Bone Crossed(39)

"So why didn't you help Mercy?" "It is your dojo, Sensei Johanson." Sensei raised an eyebrow, and Adam's sudden smile blazed out.

"Besides, I've seen her fight.

She's tough, and she's smart.

If she had thought she was in trouble, she'd have asked for help." I glanced around as I rolled over and stood up, as good as new except for the pretty bruises I was going to have on my belly.

Zee was gone.

He wouldn't have lingered, with Adam to take over guard duty.

His nose had wrinkled at the smell of sweaty bodies when we'd come in--he'd been lucky it was relatively cool this fall.

In full summer, the dojo smelled from a block away, at least it did to my nose.

To me the scent was strong but not unpleasant, but I knew from the comments of my fellow karate students that most humans disliked it almost as much as Zee did.

Drama over, Adam went back to the sidelines, loosening his tie and pulling his suit jacket off as a concession to the heat.

Sensei had us do three hundred side kicks (Lee was called from his position of disgrace to participate) first to the left, then to the right.

We all counted them off in Japanese--though I suspected if a native speaker had dropped in, they might've had difficulty understanding what we were saying.

The first hundred were easy, muscles warm and limber from earlier calisthenics; the second ...

not so much.

Somewhere about 220, I lost myself in the burning ache until it was almost a shock when we stopped and switched sides.

Wandering through the ranks of students (there were twelve of us tonight) Sensei adjusted people's form as he saw necessary.

You could tell those of us who were more serious because our two hundredth kicks looked just like our first.

Students less diligent lost height and form as exhaustion took its toll.

There were still some students in good form on the three hundredth kick--but not me.

AFTER CLASS, PEOPLE WERE TOO BUSY TRYING NOT TO stare at the werewolf--all the while getting in a good look--to pay any attention to me.

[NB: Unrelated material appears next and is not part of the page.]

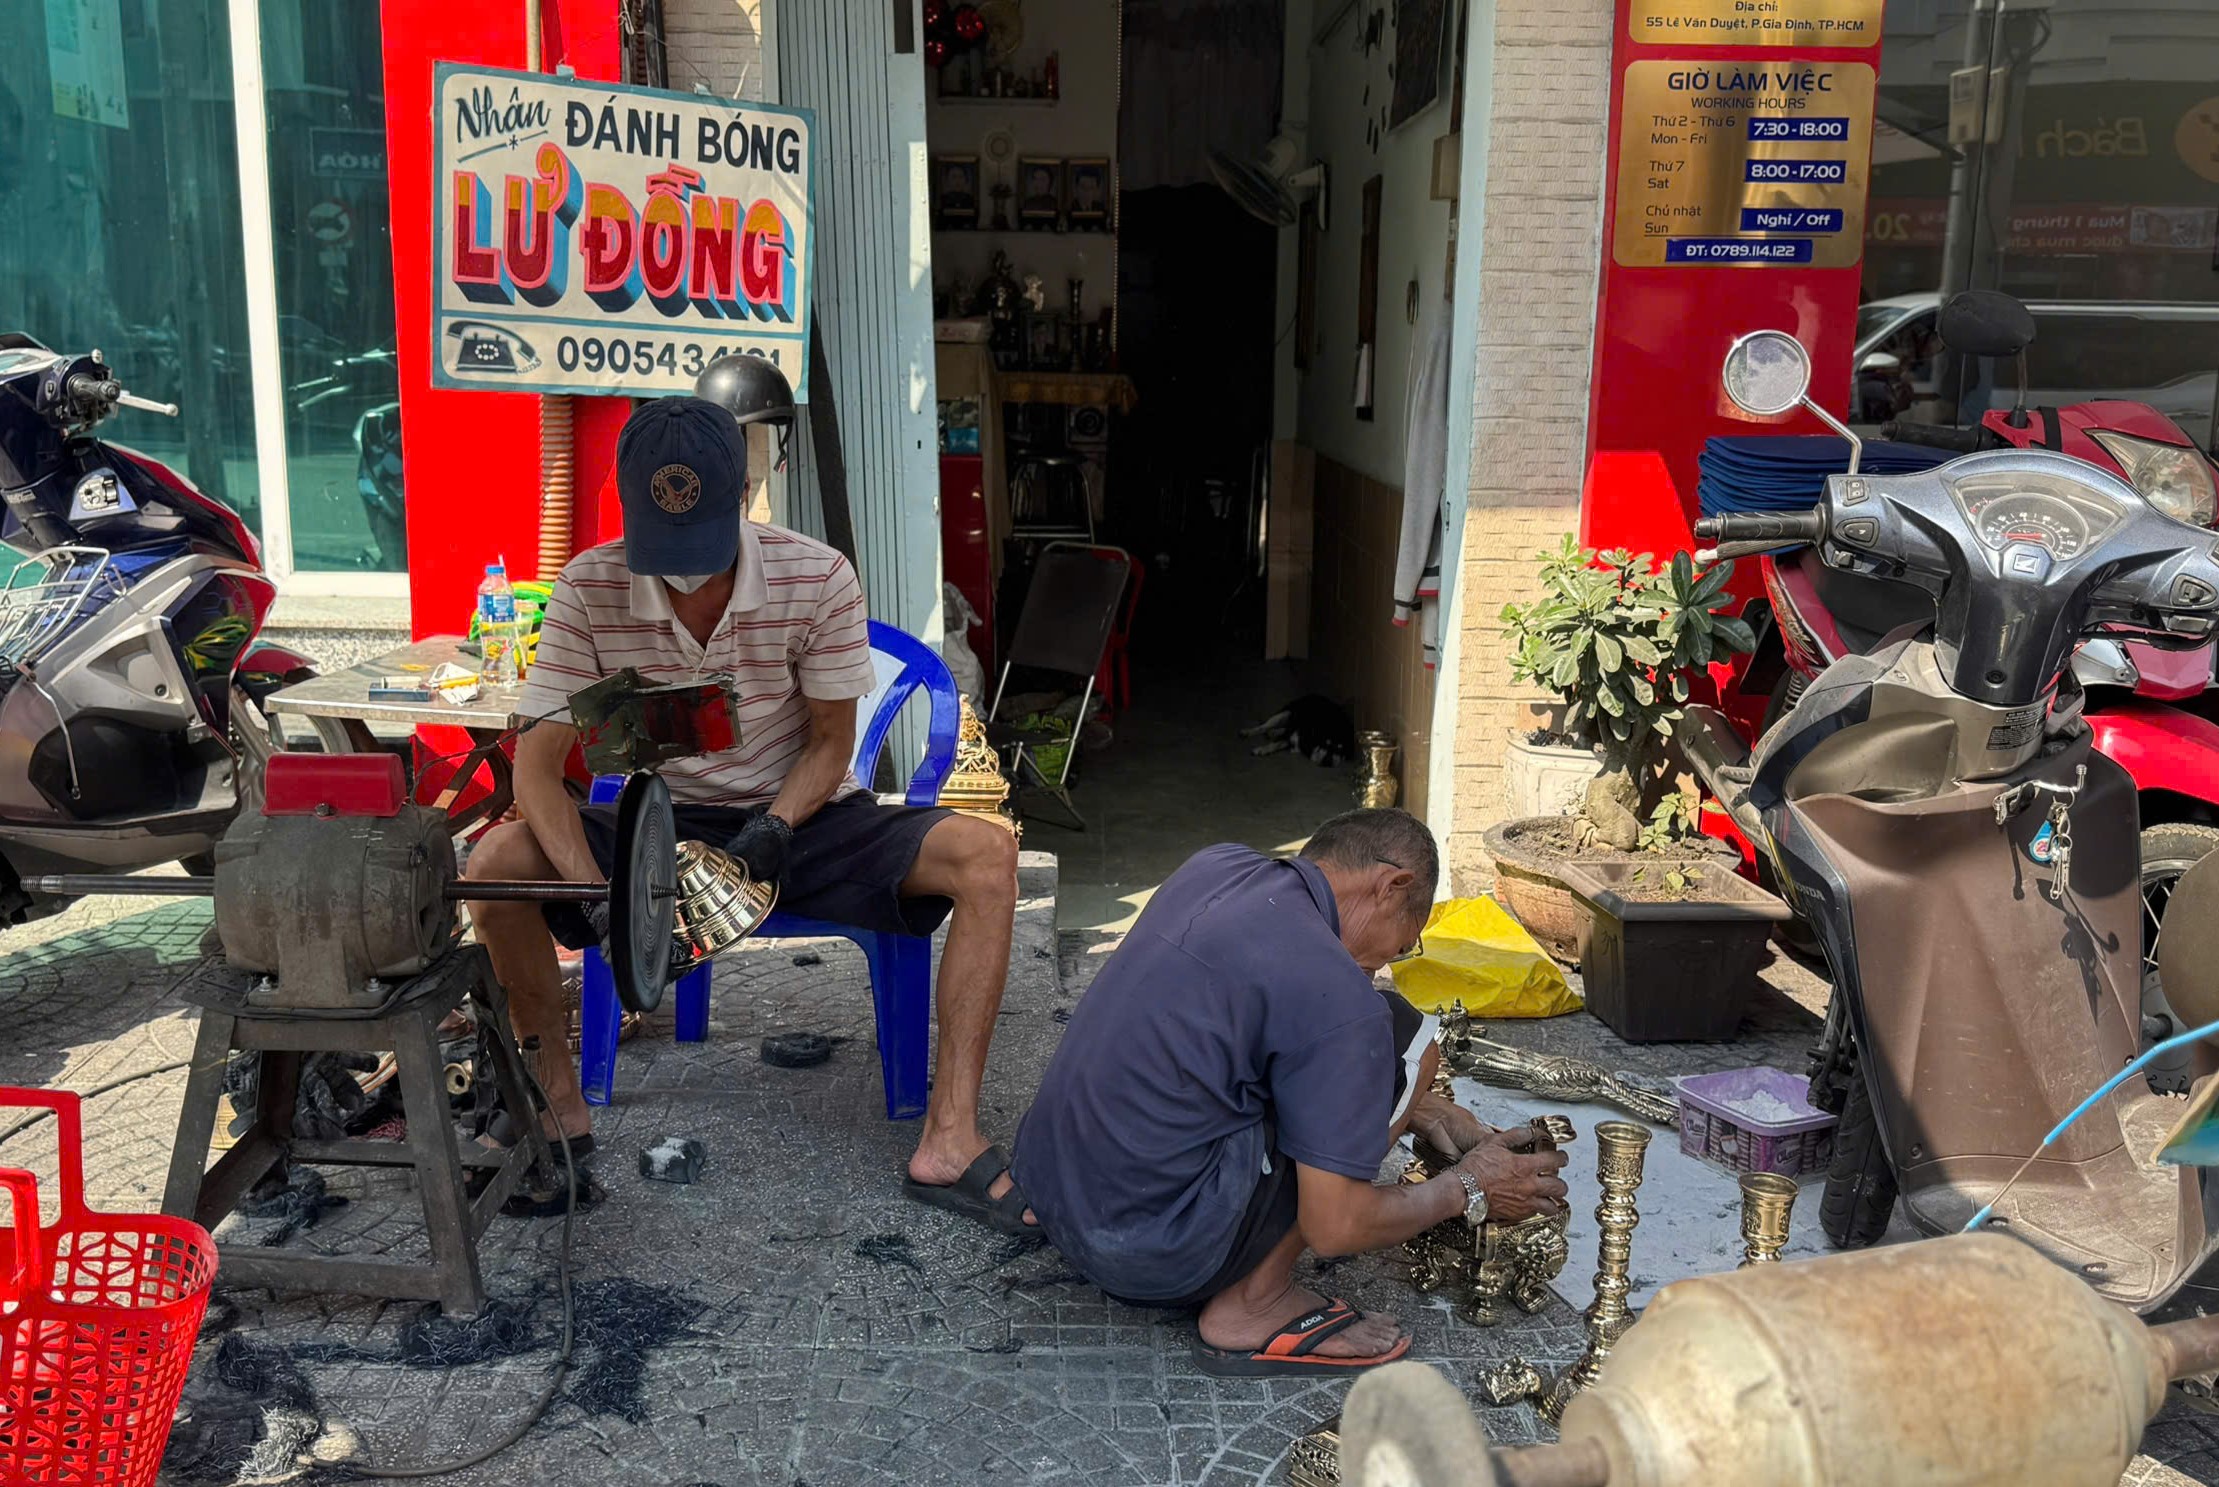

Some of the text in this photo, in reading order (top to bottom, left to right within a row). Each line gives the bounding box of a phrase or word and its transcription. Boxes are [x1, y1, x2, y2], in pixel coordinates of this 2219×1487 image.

I changed in the bathroom and took my time, out of courtesy, so that they would all have time to change in the anteroom in front of the dojo before I came out.

Sensei was waiting for me when I emerged.

"Good job, Mercy," he told me with an emphasis that told me he wasn't talking about Lee.

It was odd that the words he had for me were the same ones, in a different language, that the woman in the taco wagon had used, meant the same way.

"If it hadn't been for this"--I tilted my head to indicate the dojo--"I would have died that night instead of my attacker." I gave him a formal bow, two fists down.

"Thank you for your teaching, Sensei." He returned my bow, and we both ignored the suspicious watering of eyes.

Adam was waiting near the front door carefully examining his fingernails.

He had chosen to be amused by all the people staring at him, which was a good thing.

He had a temper.

Sweat darkened his Egyptian-cotton shirt, so it clung to the round lines of his shoulders and arms, announcing to anyone that he was a hard body.